Has anyone tested this?
Wow, could this be used to replicate MOE?
Or just do it WAY more efficiently, yeah.
This is an important development!
A LoRA is ~25MB. A full Mistral fine-tune is 14GB.
So, this decimates the VRAM required to host a customized model…twice-nearly-thrice.
This means a provider can step in and offer on-demand hosting of many custom models at very reasonable cost. This is a massively better user experience for experimenters and small businesses training and offering LLMs than the existing options, which are renting GPUs, buying GPUs, and on-demand “serverless” GPU offerings. Of these the last has been the most practical for small players, but the latency sucks when the model hasn’t been used recently, as it is multiple GB and it needs to be loaded into VRAM. LoRAs are not only cheaper to host, they’re quicker to swap.
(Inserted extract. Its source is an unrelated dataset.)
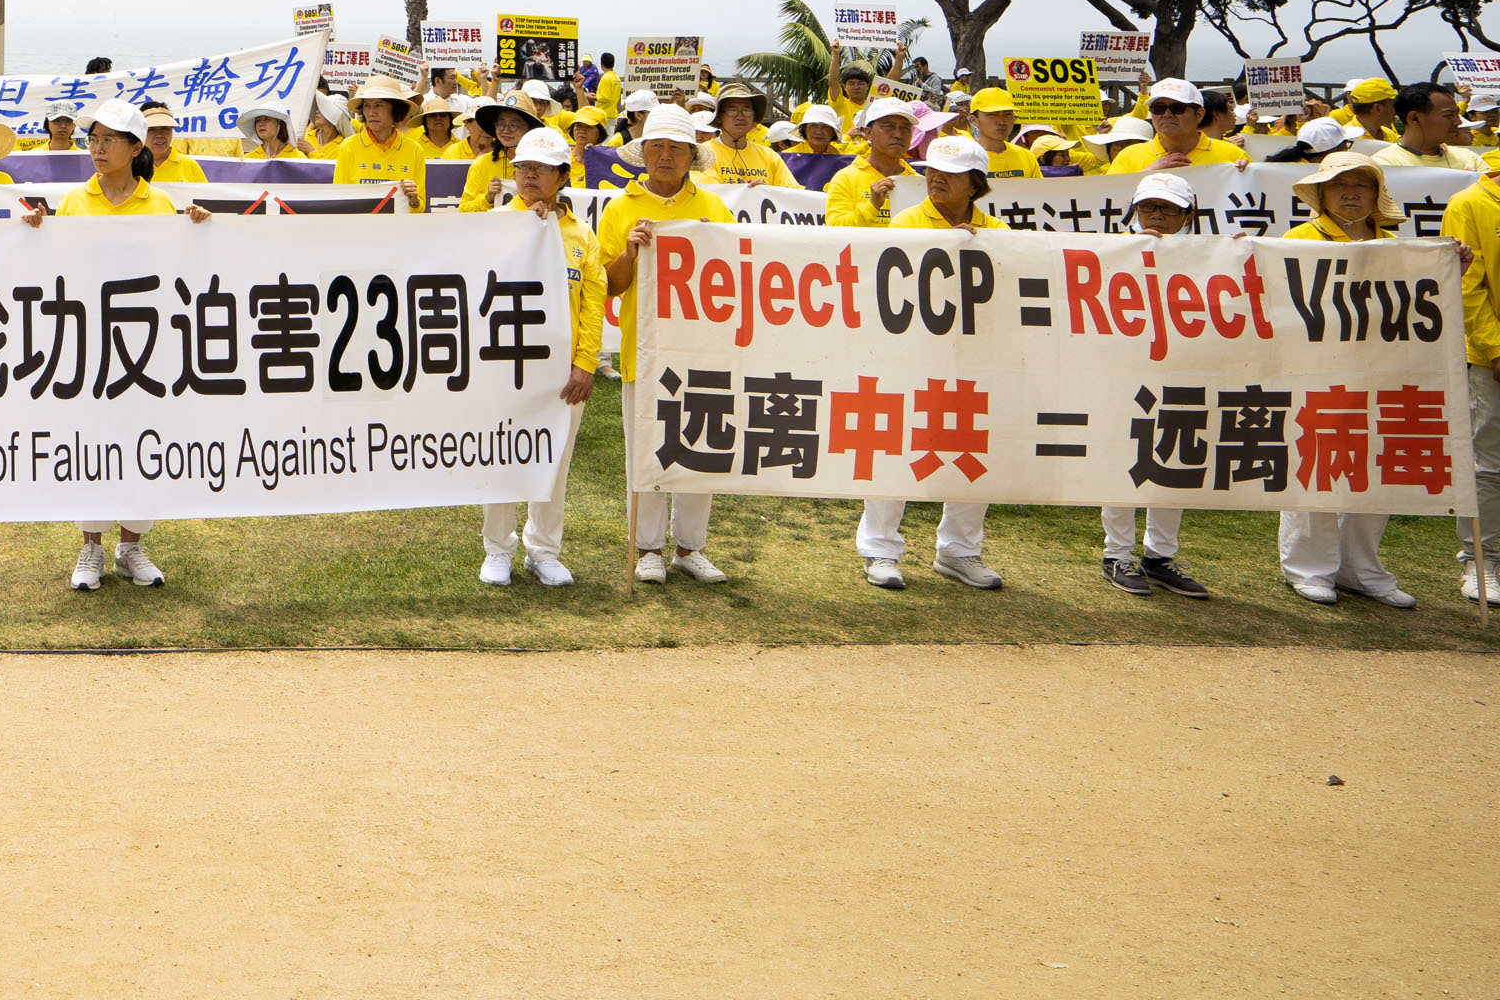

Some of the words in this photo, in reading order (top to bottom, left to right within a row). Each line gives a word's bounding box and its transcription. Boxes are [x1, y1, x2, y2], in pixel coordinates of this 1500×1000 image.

If one was building on Mistral-7B, they could serve from gaming cards (4090s), which are dirt cheap per FLOP relative to nvidia’s datacenter offerings. This might be a way to take business OpenAI can’t serve, basically small players at the long tail.
Given the number of fine-tuning and hosting startups competing for the segment of the market OpenAI hasn’t gobbled, this should be a commercial offering by December. Perhaps someone reading this will build it!
I’m wondering though, from an engineering perspective, when traffic is high, wouldn’t this be causing a lot of weight switching? Basically limited by host to device bandwidth.